FIG. 34 (d) shows a case where a portion other than the boundary portion of the sub scene 92 is dragged. At this time, the digest moving image editing control unit 107 moves the sub-scene 92 to another place on the main scene. As a result, even when the sub-scene 92 covers a person or object to be noticed on the combination scene, the sub-scene 92 can be moved to make the video more preferable for the user. The movement destination may be an arbitrary position near the end point of the drag, or, as indicated by a dotted rectangle in FIG. 34 (d), a position closest to the end point of the drag among a plurality of positions defined by the system. May be. The digest moving image editing control unit 107 rewrites the information of the editing target scene in the arrangement information so as to correspond to the above, and generates and stores the editing target scene again.

FIG. 34 (e) shows a case where the boundary portion between the main scene and the sub scene 92 in the sub-screen arrangement is dragged. At this time, the digest moving image editing control unit 107 changes the display size (number of vertical and horizontal pixels) of the sub-scene 92. The new size of the sub-scene may be an arbitrary size derived from the end point of the drag, or may be a size closest to the size represented by the end point of the drag among a plurality of sizes determined by the system. The new size and area of the sub-scene 92 may be larger or smaller than the size and area before the operation, but an upper limit and a lower limit may be provided. For example, the upper limit is 1/4 of the area of the entire moving image, and the lower limit is 1/16. Thereby, the size of the sub-scene 92 can be adjusted within a range that does not hinder viewing of the main scene, and the balance for superimposing the sub-scene 92 can be set more suitably for the user. FIG. 34F shows a pattern in which the main scene 94 is arranged in the center of the screen with the sub-scene 93 as a background. The arrangement in which the main scene overlaps the sub-scene is basically the same except that the scene whose size is to be changed becomes the main scene. In the case of FIG. 34 (f), the boundary between the main scene 94 and the sub-scene 93 is only the right and left vertical sides of the main scene.

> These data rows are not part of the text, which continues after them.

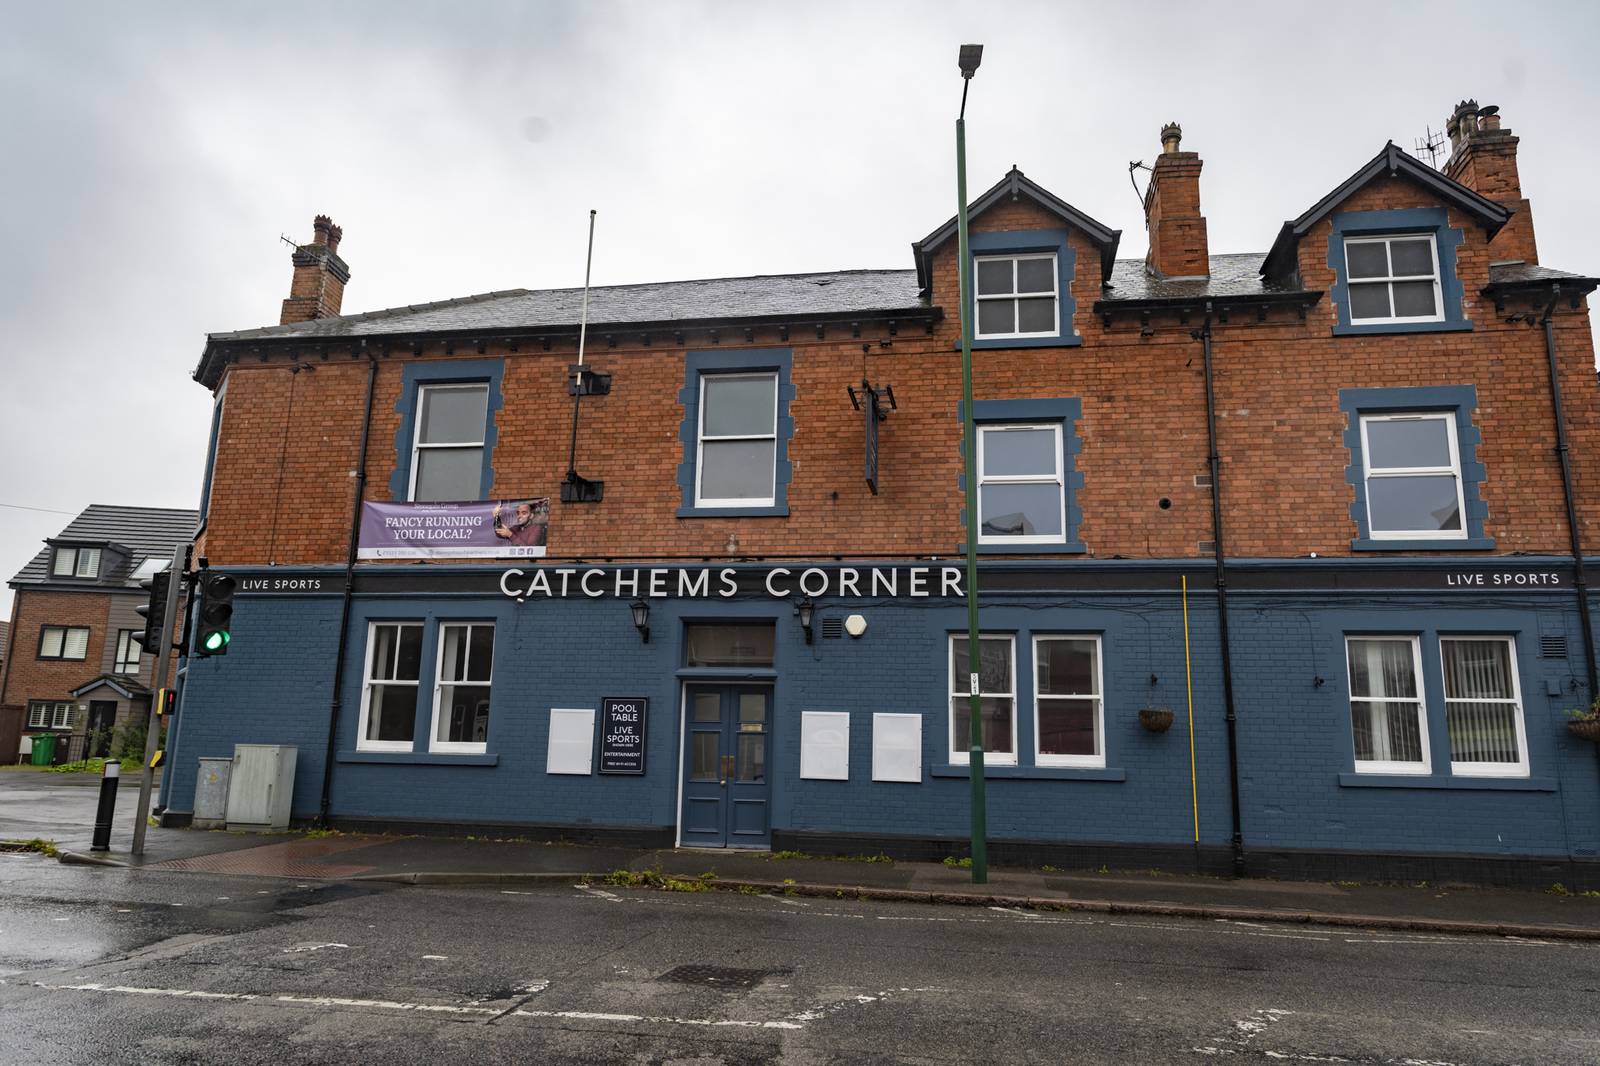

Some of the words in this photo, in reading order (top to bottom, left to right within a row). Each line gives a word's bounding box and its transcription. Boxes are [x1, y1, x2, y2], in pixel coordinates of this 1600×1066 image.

[385, 516, 424, 528] FANCY
[425, 516, 482, 528] RUNNING
[393, 529, 425, 540] YOUR
[427, 529, 473, 540] LOCAL?
[242, 579, 269, 590] LIVE
[274, 579, 321, 590] SPORTS
[500, 568, 738, 598] CATCHEMS
[765, 567, 965, 598] CORNER
[1447, 574, 1485, 585] LIVE
[1493, 573, 1560, 585] SPORTS
[612, 704, 637, 712] POOL
[614, 726, 633, 734] LIVE

In either case of FIG. 34 (e) or FIG. 34 (f), basically, the size change of the element scene is performed while maintaining the original image aspect ratio of the element scene regardless of the drag direction. If only the rate or the reduction rate is changed, the user can easily understand and the operation is simple. On the other hand, if the size can be changed without maintaining the aspect ratio, the size can be changed more flexibly. In that case, the operation may be changed depending on the starting point of the drag. If the starting point of the drag is the corner of the boundary portion, the vertical and horizontal sizes of the element scene are simultaneously changed according to the drag operation. If the drag viewpoint is one of the four sides excluding the corner, dragging the vertical side changes the size in the horizontal direction, and if it is a horizontal side, changes the size in the vertical direction. The image aspect ratio specified as a result of such dragging is different in many cases from the aspect ratio of the input image data corresponding to the element scene. In that case, the input image data is scaled at different magnifications in the vertical and horizontal directions, or the input image data is trimmed in accordance with a new image aspect ratio. In the latter case, in order to cut out as large an area as possible with a new image aspect ratio, the following is performed. Hereinafter, the size of the input image data corresponding to the element scene is set to ws0: hs0 (horizontal: vertical), and the new size is set to ws1: hs1.

If ws0 / hs0 <ws1 / hs1, the top and bottom of the input image data corresponding to the element scene are deleted in a horizontal band to form an image with the number of pixels ws0: (hs1 × ws1 / ws0) and reduced to ws1: hs1. .

If ws0 / hs0> ws1 / hs1, the left and right sides of the input image data corresponding to the element scene are deleted in a vertical band shape to form an image with the number of pixels (ws1 × hs1 / hs0): hs0 and reduced to ws1: hs1. . When an important object such as a main person is included in the element scene, the image may be simply trimmed so that the new image aspect ratio is obtained centering on the object.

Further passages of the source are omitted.